Sunday, April 25, 2010

Stories: on paper or electronically?

I am drooling after a Kindle, a Nook, or whatever eReader. Me, of all people. I'm the person who absolutely loves books: the texture of the paper, the cover art, interesting binding. One reason I really like the Snicket series is that those books simply look amazing in hard cover. They even come with an Ex Libris.

When news of non-paper books first started to trickle in, I was alarmed. Would books go the way of newspapers? People don't subscribe to newspapers anymore like they used to, because you can get more up-to-date news online at your convenience. I'd hate it if books disappeared, as well.

This of course brings about the question: why do I hate that idea? Why is text in an electronic form somehow bad compared to being printed on a piece of paper? Books really should not be the thing itself; they are merely vessels for stories that people tell each other, whether fictional or nonfictional. The word is still in written form, even if it consists of bytes--it should not take away anyone's ability to read the story. It will not destroy literacy or make the next generation super dumb. The eInk used in these readers is amazing: it really looks like you are reading printed text. The experience is not at all like reading text from a computer screen.

From an environmental standpoint, wouldn't it be better not to print on paper? So far, there are not very many sustainable alternatives to paper pulp that is used for book pages: the unfortunate fact is that we destroy trees for reading purposes. Does not evoke quite as romantic an image as sitting down at the breakfast table with a glass of orange juice and the morning paper, now does it?
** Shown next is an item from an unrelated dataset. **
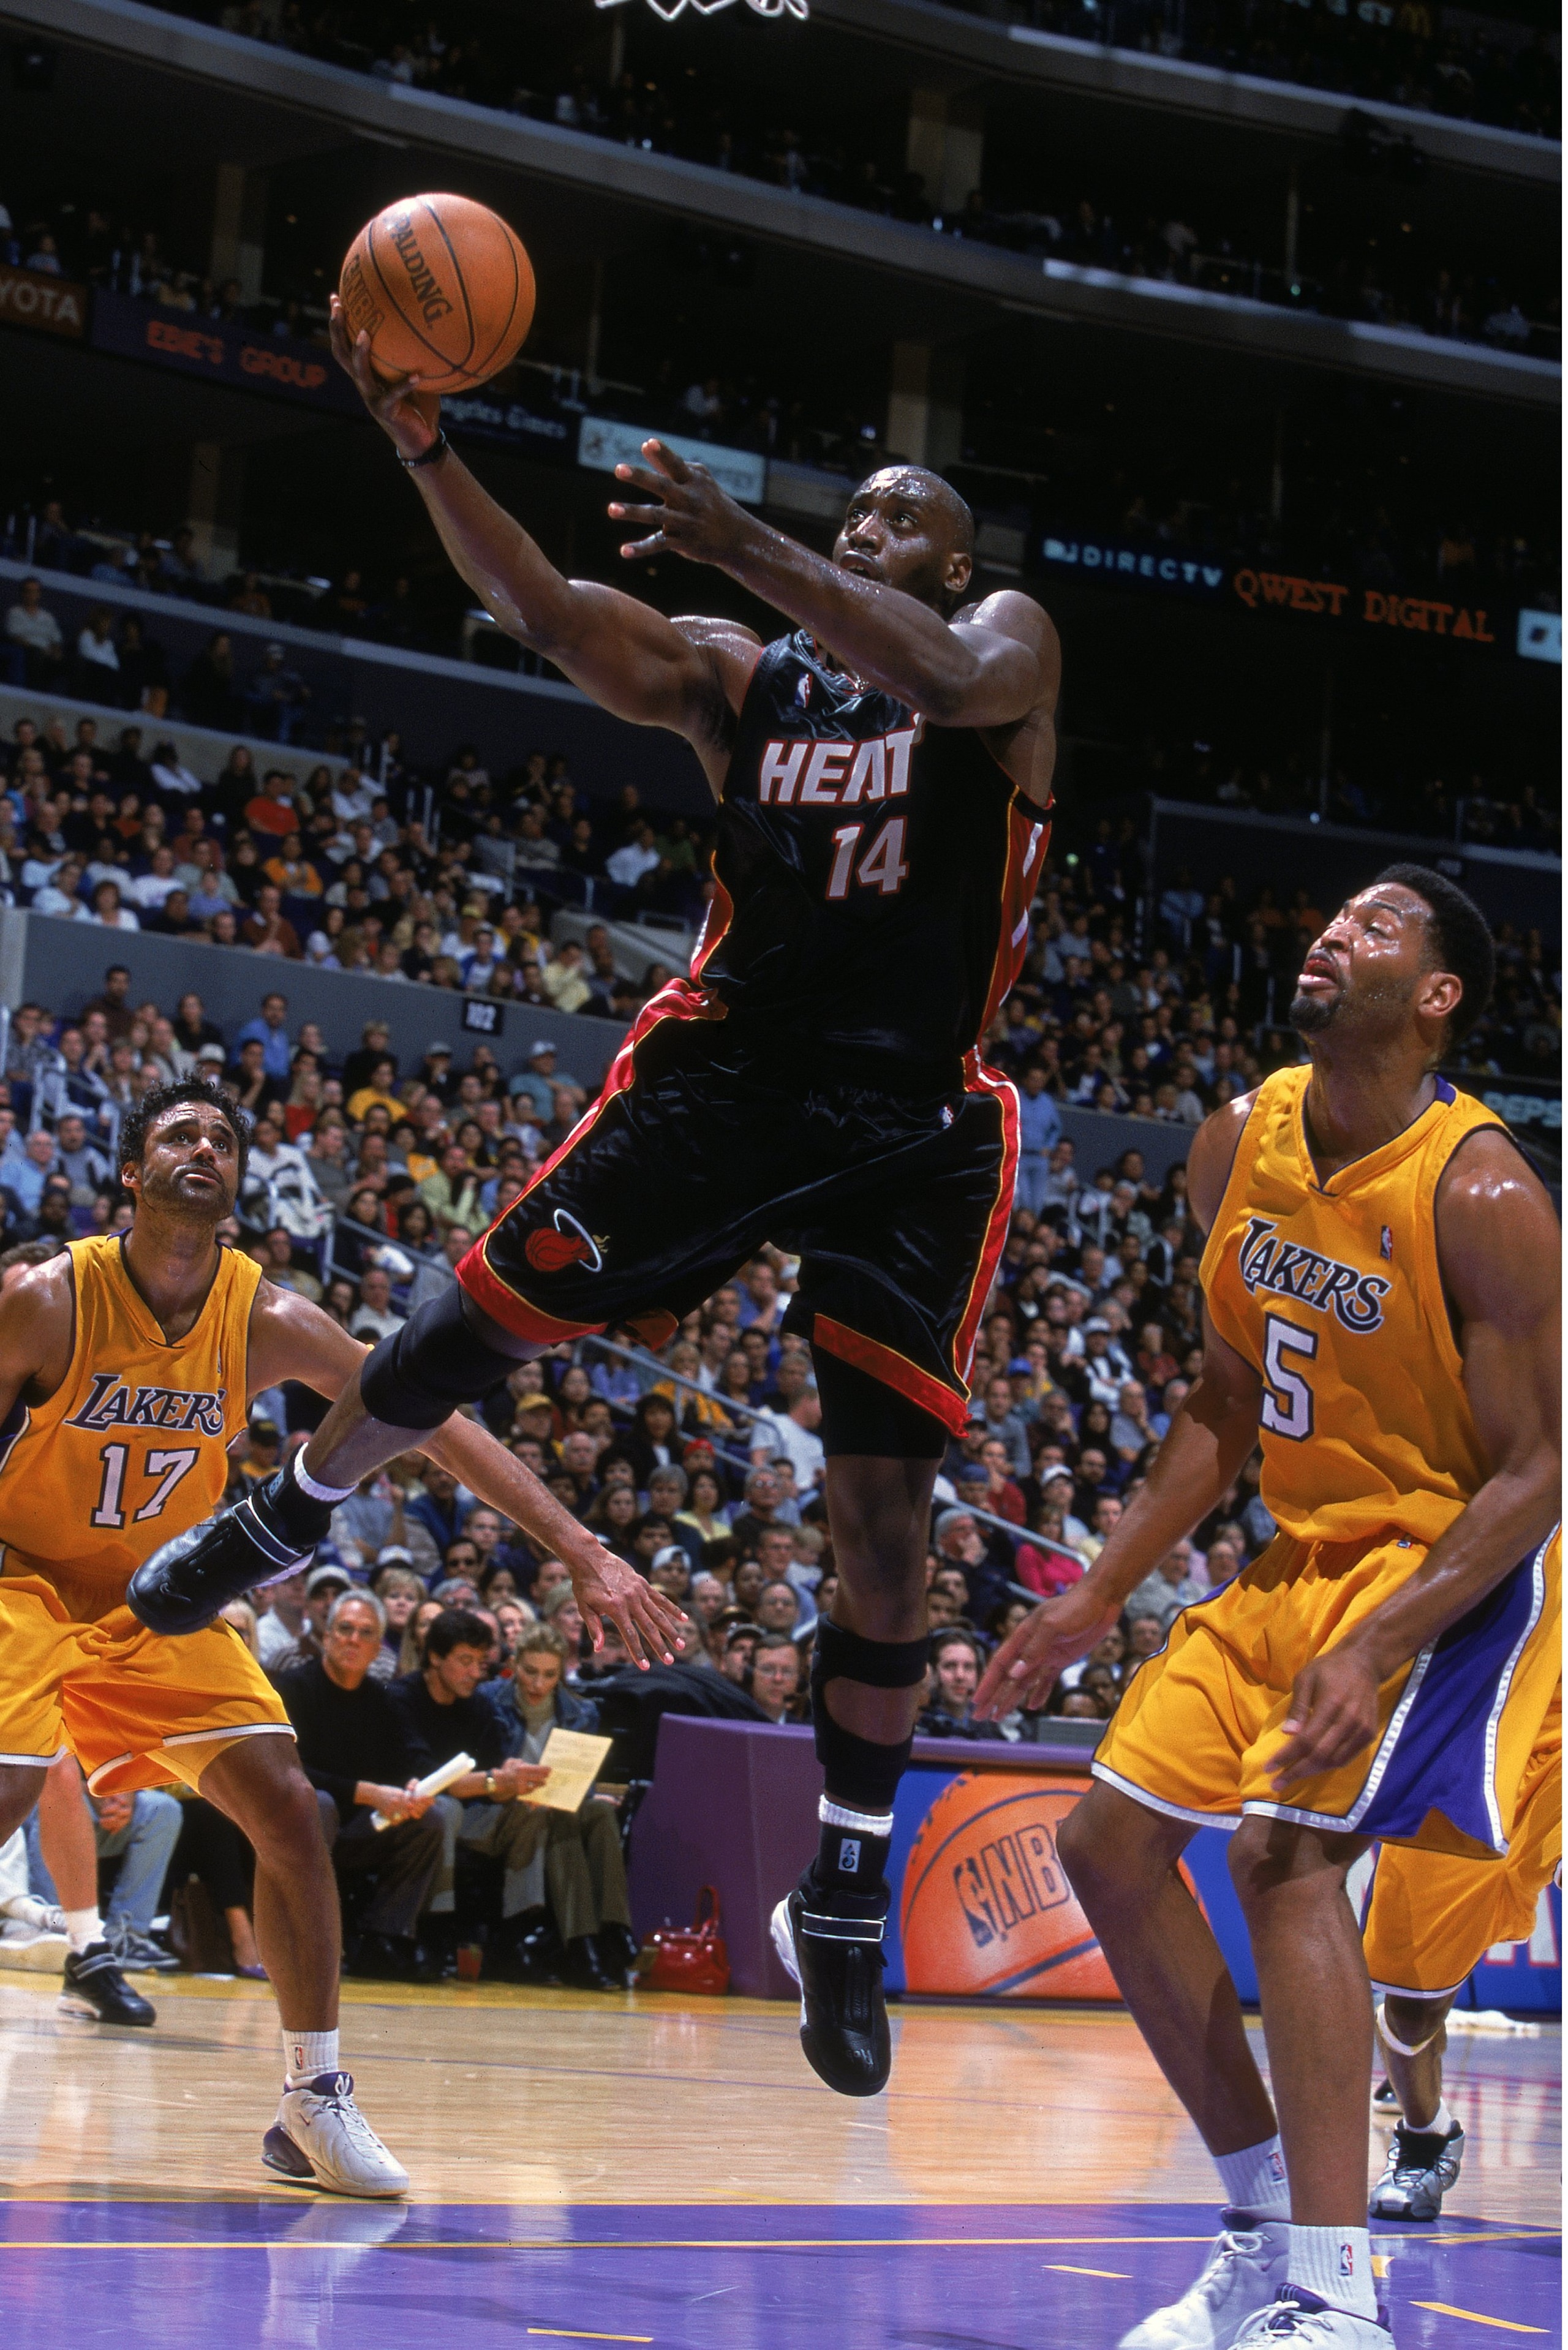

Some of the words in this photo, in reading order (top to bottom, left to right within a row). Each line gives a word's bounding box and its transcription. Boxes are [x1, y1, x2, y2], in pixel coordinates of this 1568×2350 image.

I'm also thinking of simpler benefits. I tend to read when I'm commuting, or traveling. I've even developed a system for selecting the Best Book to Take Aboard to optimize my traveling companion, which boils down to this: if it's a short book, the topic of it should make you think and pause so you'll spend more time with it, and thus you won't need to bring many books with you. If you opt for one big book, make sure it's not something that requires too much thinking, because the task of reading a huge book is anyway a bit daunting, and you don't want to be re-reading the first 30 pages over and over again, until you give up and just start watching the in-flight movie... (If you're going to say anything about me being a hypocrite for being concerned about trees and then flying... Yes, I'm aware of this.)

With an eReader, this whole dilemma of "I really want to bring LoTR with me but it won't fit in with my teaching material!" would be erased. I could have any damned book I wanted in there--multiple books, even! All in one, slim reader.

The authors would still get their money; so would the publishers, the editors and the designers. After all, they are producing a story and its accompanying art (typography included)--not the pulpy bits.

The downside to giving eReaders to all is that it would make libraries and bookstores obsolete. That would be a shame. Objectively I could say that bookstores are not any more needed than music stores when you can download music. But they are just such fun places to go to. I love browsing books. I've often bought a book that just somehow caught my eye on the shelf. Still, my selfishness should not be the reason to sustain bookstores.

I would regret the disappearance of libraries the most. I feel as if libraries are a true sign of democracy: anyone can go in there, get a library card, and borrow a book on any topic they are interested in. A poor person can learn mathematics on his or her own without needing to buy cable for Internet (or the computer, for that matter)--just go to the library. Heck, you don't even need a library card if you have the time to just go there, sit down, and read.

Libraries are also bastions of free speech: groups attempt to ban or sensor books that they think are inappropriate ("think of the children!" is the most common objection to, say, a children's book about two mommies), and libraries and their awesome librarians usually tell people to suck it. Even in Alaska.

I suppose if people preferred eReaders over books, library buildings would still exist: they would be the archive for a forgotten art form, printing. It would be fun to go in and touch books and leaf through pages. Also, I assume that they would still keep on hosting book club events, children's story times, and offering space for the community in the form of study areas and meeting rooms.

Maybe bookstores would transform the same way in a world without paper. They would be mostly used for the community to get together and read, or discuss reading. Maybe bookstores would work as hubs for downloading and buying your books onto your eReader. They would still host author events.

It's kind of sad that even such a simple thought as "I really want one of these eReaders!" makes me feel like a terrible human being. I suppose it's still good to think about these things. I pretty much have my mind set, though. I'll be getting an eReader at some point, but I doubt it will stop me from buying books also in printed form.

ETA: Forgot to mention one thing that is still making me a bit iffy about the eReaders: the biggest of them, and hence the ones with most flexibility in use and most titles, are created by gigantic booksellers. Kindle is Amazon's, and Nook is Barnes&Noble's. Which, as far as I know, means that when I buy books, I should be buying them from these places--I will not be able to support a local bookseller, and I would be at the whim of the pricing policies of these gigantic corporations. As soon as there is a good reader that can download library eBooks, and buy books from wherever the heck I want, I will definitely be on it. Right now, I'm being cautious about to whom I want to sell my book-loving soul.